TASK OBJECTIVE:
Transcribe all of the records, leaving out any pictures.

=== Section Start ===

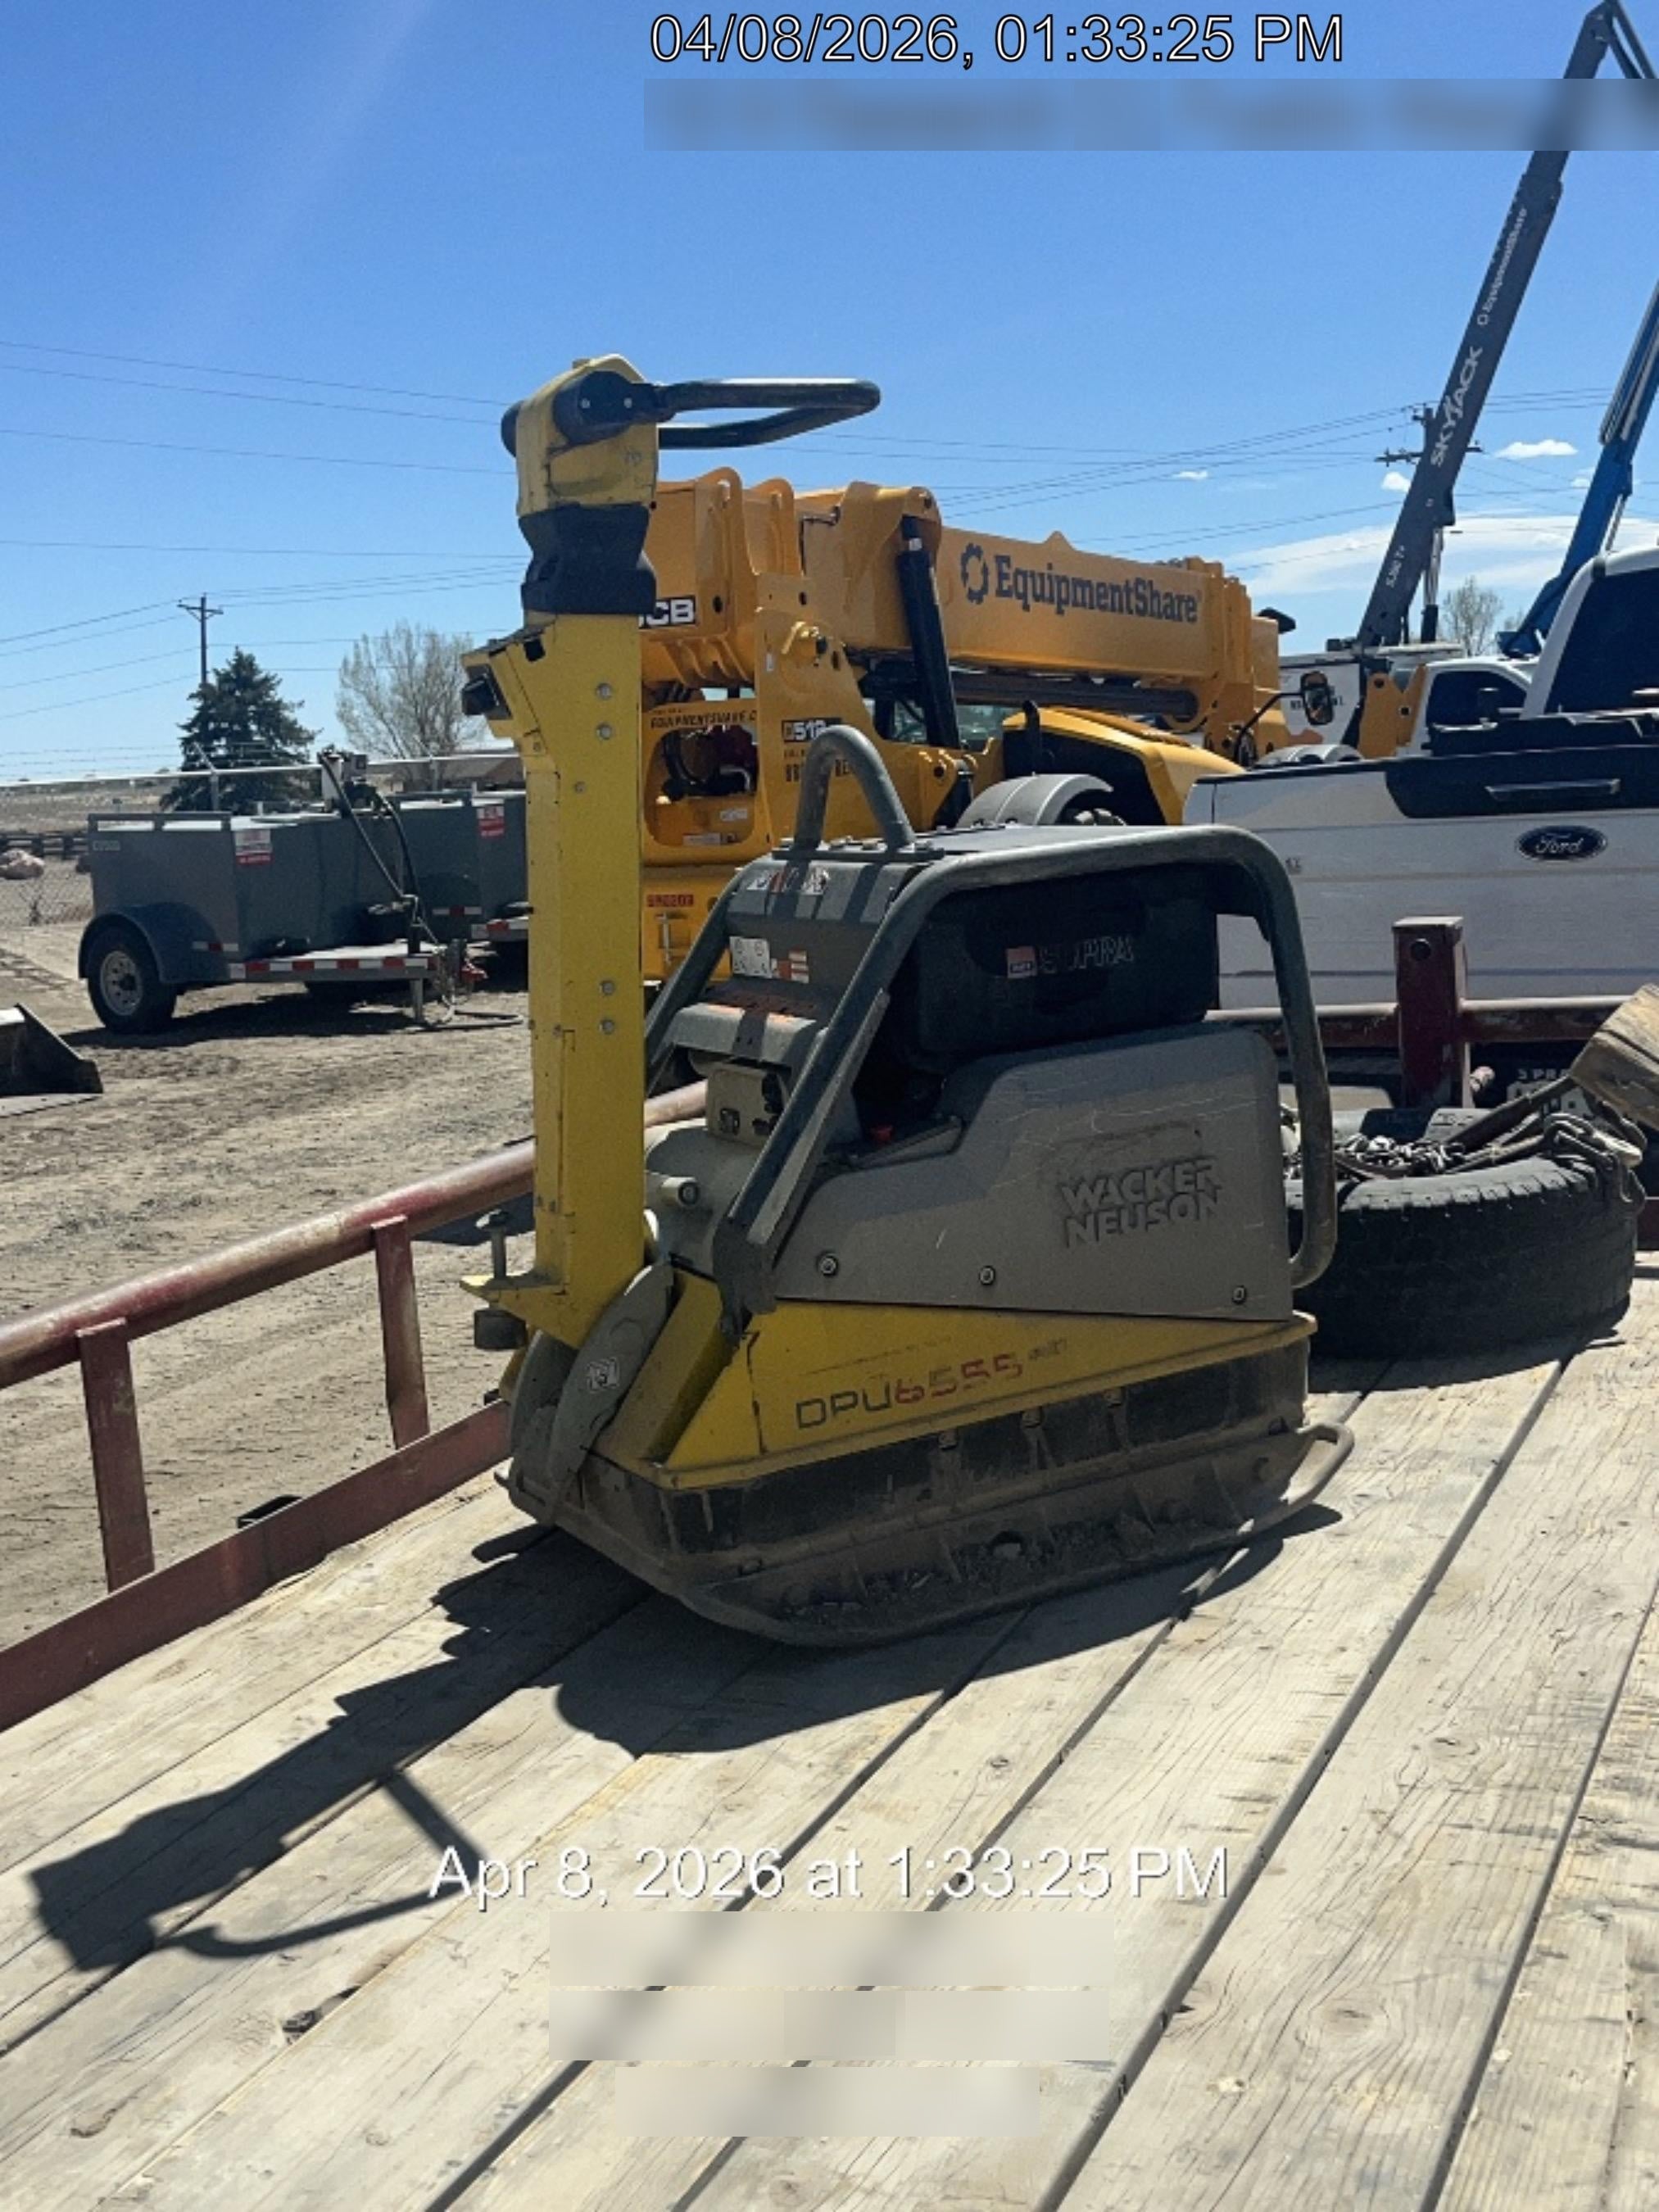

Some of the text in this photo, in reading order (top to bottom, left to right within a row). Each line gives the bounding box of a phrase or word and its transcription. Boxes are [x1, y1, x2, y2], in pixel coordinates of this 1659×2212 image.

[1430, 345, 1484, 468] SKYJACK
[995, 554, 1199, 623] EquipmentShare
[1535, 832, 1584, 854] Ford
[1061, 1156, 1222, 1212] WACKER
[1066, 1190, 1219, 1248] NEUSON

=== Section End ===

TASK RESULT:
Some of the text in this photo, in reading order (top to bottom, left to right within a row). Each line gives the bounding box of a phrase or word and its transcription. Boxes are [x1, y1, x2, y2], in pixel coordinates of this 1659×2212 image.

[1430, 345, 1484, 468] SKYJACK
[995, 554, 1199, 623] EquipmentShare
[1535, 832, 1584, 854] Ford
[1061, 1156, 1222, 1212] WACKER
[1066, 1190, 1219, 1248] NEUSON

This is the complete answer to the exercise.